Ela, namorada de um ricaço local, tem fama de prostituta na escola, mas Dominici não dá ouvidos e acaba se aproximando da moça. Inevitavelmente, a misteriosa mulher e o homem deprimido se apaixonam de modo bastante ambíguo, mas que leva somente a um trágico destino.
Embora tenhamos uma estrutura bem intimista para o romance entre esses personagens, Zurlini se apega ao tempo e ao ritmo lento para trazer retratos realmente humanos dessas duas almas sofridas que entram em sintonia quando finalmente encontram o diálogo que tanto procuravam para dar razão à própria existência.
Enquanto Dominici é um espírito mais livre, não se importando com seu futuro, já que ele não possui nada, vemos como Vanina é uma mulher aprisionada por conta da sua dependência financeira pelo namorado Marcello. Zurlini mostra a relação conturbada que ambos possuem, com o personagem tratando sua namorada como um mero objeto de prazer sexual para ser exibido como um troféu. Tudo é feito através da encenação muito clara de Zurlini que atinge ápices em A Primeira Noite de Tranquilidade sendo facilmente um de seus filmes mais poderosos visualmente.
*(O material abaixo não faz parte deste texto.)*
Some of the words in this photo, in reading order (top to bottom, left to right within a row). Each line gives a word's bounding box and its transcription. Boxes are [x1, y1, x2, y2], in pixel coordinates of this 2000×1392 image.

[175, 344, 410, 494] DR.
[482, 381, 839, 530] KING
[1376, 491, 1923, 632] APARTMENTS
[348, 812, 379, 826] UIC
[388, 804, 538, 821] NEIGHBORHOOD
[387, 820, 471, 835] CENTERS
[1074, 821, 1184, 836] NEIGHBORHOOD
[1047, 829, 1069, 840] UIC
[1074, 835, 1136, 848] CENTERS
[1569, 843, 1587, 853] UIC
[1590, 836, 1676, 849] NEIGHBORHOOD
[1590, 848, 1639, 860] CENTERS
Na metade do longa, por exemplo, há um trabalho cuidadoso entre planos e contraplanos mostrando Dominici observando Vanina dançar com seu namorado horas depois dos dois terem trocado o primeiro beijo apaixonado em um momento bastante romântico. O diretor quebra o estado mental de serenidade do protagonista com essa revelação perturbadora, além da mulher se comportar de modo mais frio. É uma cena realmente magnética e poderosa que estabelece todo o conflito de intenções que rola nessa triangulo amoroso: o desejo depressivo de Dominici, a sordidez de Marcello em perceber que os dois estão apaixonados e, por fim, a melancolia da bela aprisionada.
Praticamente um ditame narrativo de contos de fada transportado em um realismo perturbador. Zurlini traz novamente um choque de classes, portanto, mas de modo orgânico, já que Marcello também é um personagem foge dos tons mais superficiais que filmes ideologizados tendem a seguir. O cineasta vê o pobre como propriedade do rico e também totalmente desornado quando enfim consegue conquistar sua independência, muito por conta do medo da retaliação pela violência. Nesses níveis, o filme é muito eficiente em não soar pedante, mas sim trágico e poético.
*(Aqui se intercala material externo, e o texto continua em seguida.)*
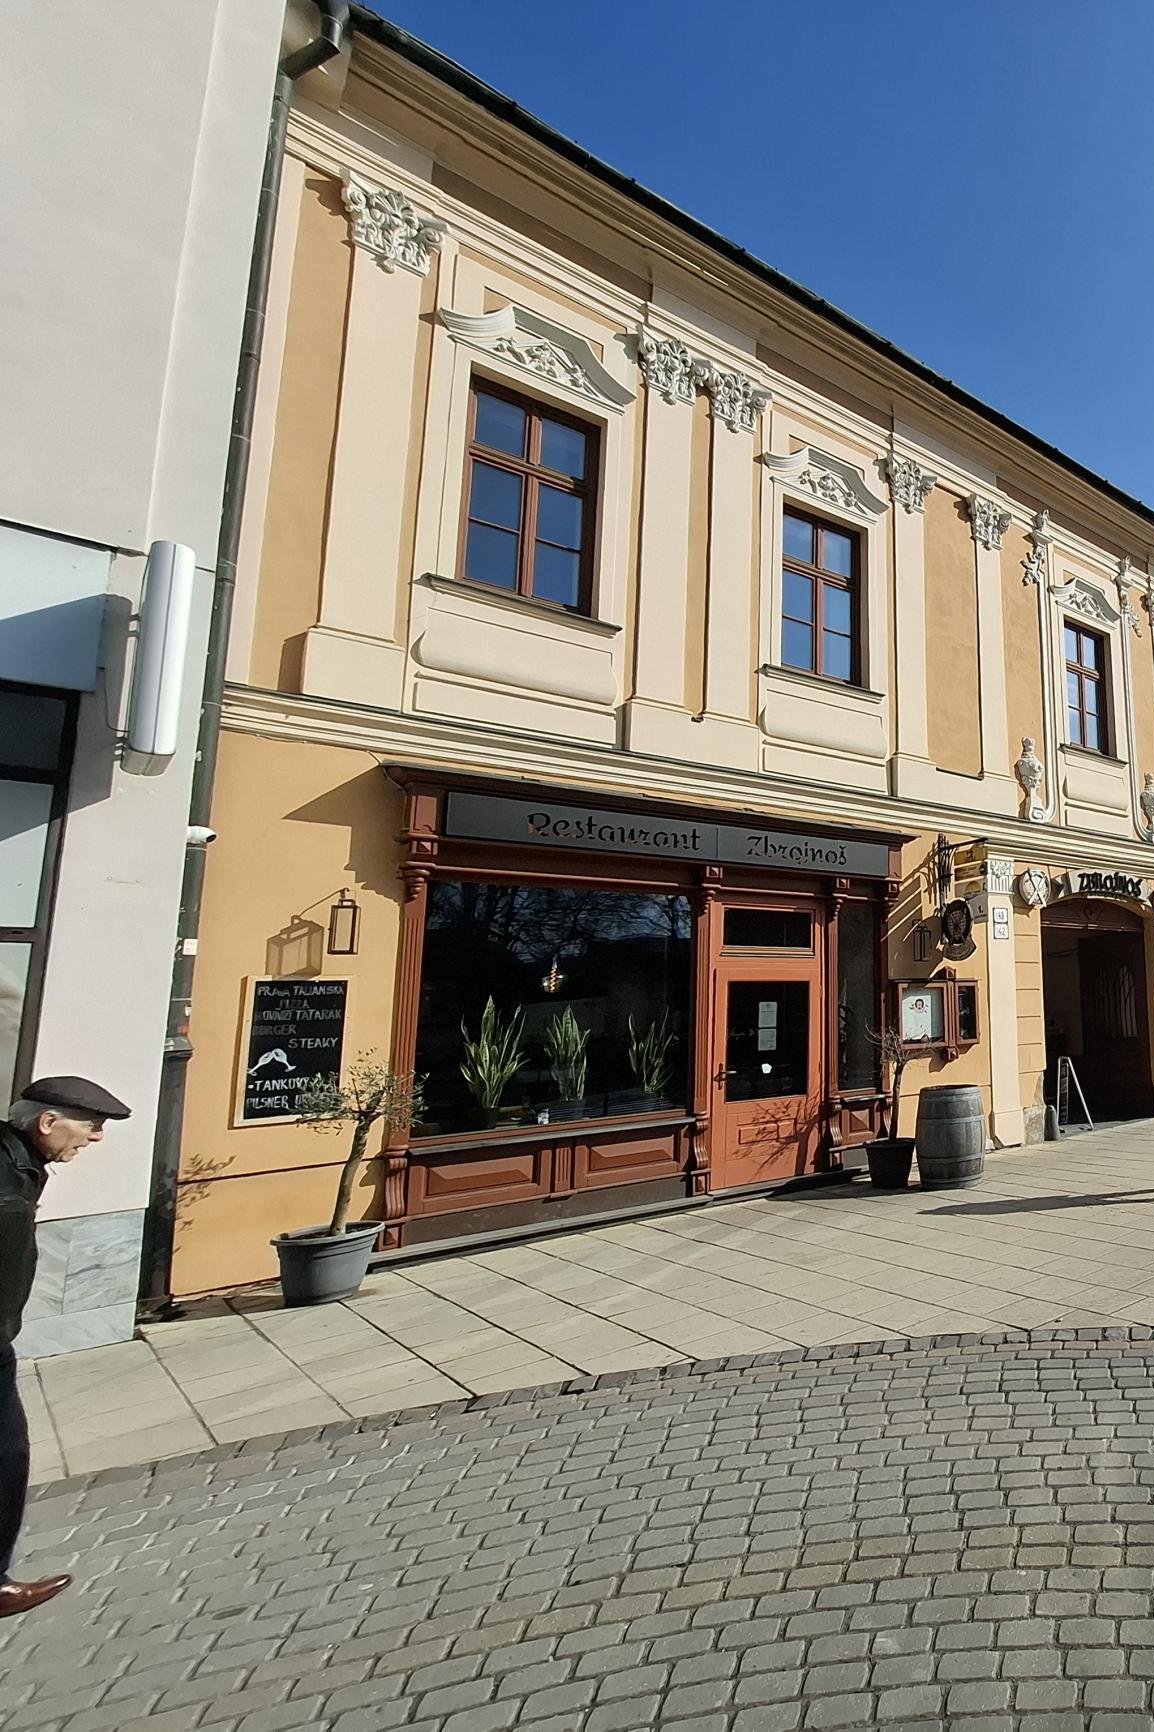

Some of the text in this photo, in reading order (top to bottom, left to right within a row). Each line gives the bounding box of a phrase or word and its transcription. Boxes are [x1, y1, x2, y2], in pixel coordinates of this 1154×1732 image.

[526, 811, 701, 852] Restaurant
[287, 1036, 339, 1049] STEAKY
[246, 1094, 290, 1110] PILSNER
Com o desenvolvimento dos personagens, a mesma excelência é apresentada. Uma pena que, por termos um punhado de outros rapazes, alguns causem certa confusão para o espectador. Mas no que realmente importa, o protagonista e seu triângulo amoroso, é algo bem trabalhado com diversos diálogos de qualidade. Até mesmo a relação com sua esposa, totalmente conturbada, é curiosa pelos nítidos casos de projeção que ele cria através do falso desejo do protagonista.
Zurlini apenas perde a mão no terceiro ato bastante burocrático apesar do início potente culminando no conflito entre Dominici e Marcello por Vanina. Com situações apressadas e despedidas de pouco sentido, além de surgimentos inesperados de outros personagens já claramente esgotados como Spider. Mesmo concluindo o longa preservando o cenário decadente e muito infeliz proposto desde a primeira cena, há muita confusão para Zurlini chegar até ali, perdendo o momentum que havia conquistado pela concretização do novo casal.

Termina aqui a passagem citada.